Poop Culture later invokes literary and religious arguments as it moves toward its measured, Utopia-envisioning conclusion. The not-so-heavily-veiled satire of Gulliver's Travels is referenced, pointing out that "for three hundred years, critics have derided Swift's 'excremental vision', describing his poetry and prose as 'an extreme of vulgarity and obscenity' {...} Aldous Huxley accused him of having a 'hatred of the bowels.' Such criticism, of course, directly complies with civilization's mandate to reject poop."
And then there are the ultimate religious questions the book poses: "Christians believe that God created man in His image; and while that does not necessarily mean that God poops, He at least is responsible for our doing so. Why do we find uncivilized the bodily functions that He created in us? Do we believe that He created us in an unacceptable manner?"

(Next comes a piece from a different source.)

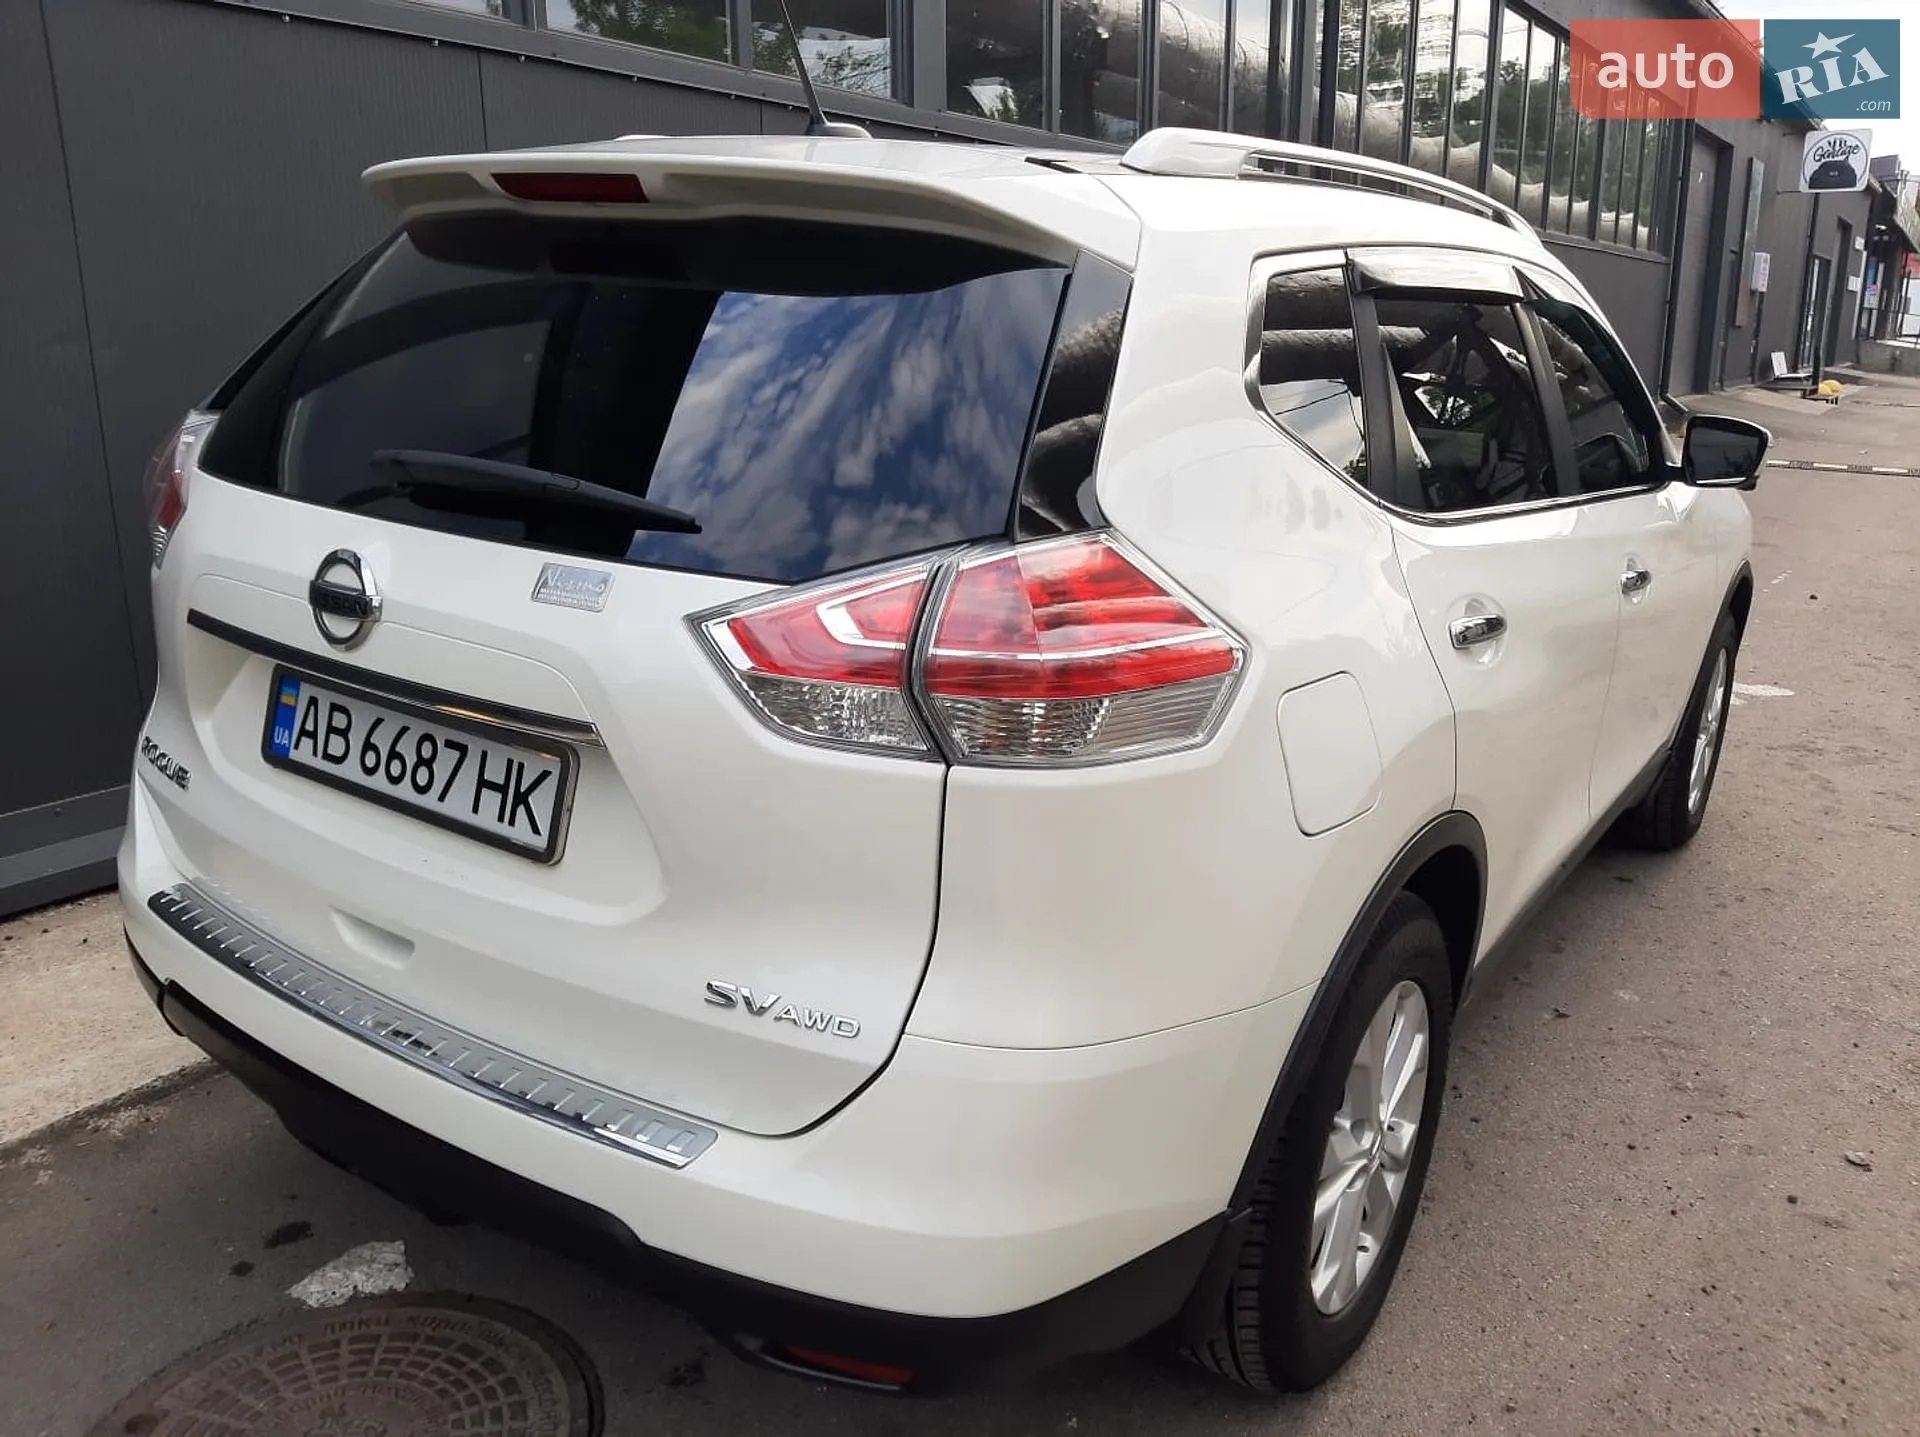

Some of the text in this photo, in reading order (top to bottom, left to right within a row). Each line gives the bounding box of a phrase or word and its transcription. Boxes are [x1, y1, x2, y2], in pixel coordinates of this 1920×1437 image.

Praeger's visionary parting shot is one that summarizes his great attention to detail and passion in chronicling the progression of attitudes toward bodily functions, techniques and waste disposal throughout recorded history in this volume. "The next step is to rehabilitate the Victorian infrastructure with the Galenic outlook: to apply our enlightened society to the betterment of the manifestations of poop. To improve the infrastructure as we abandon its ideology for a new one in which pooping is not a filthy act, but a cleansing ritual. You enter the bathroom with the impurities of your body gathered in your rectum, you poop those impurities out, and you exit the bathroom at your cleanest, purest and most civilized. Pooping as a cleansing ritual: this is the truly the triumph of the carnivalesque."
In this his first major work offered for national consumption, Dave Praeger has effectively argued his case for bringing pooping out of the closet and elevating it to mainstream discussion status that is both healthy and enlightening.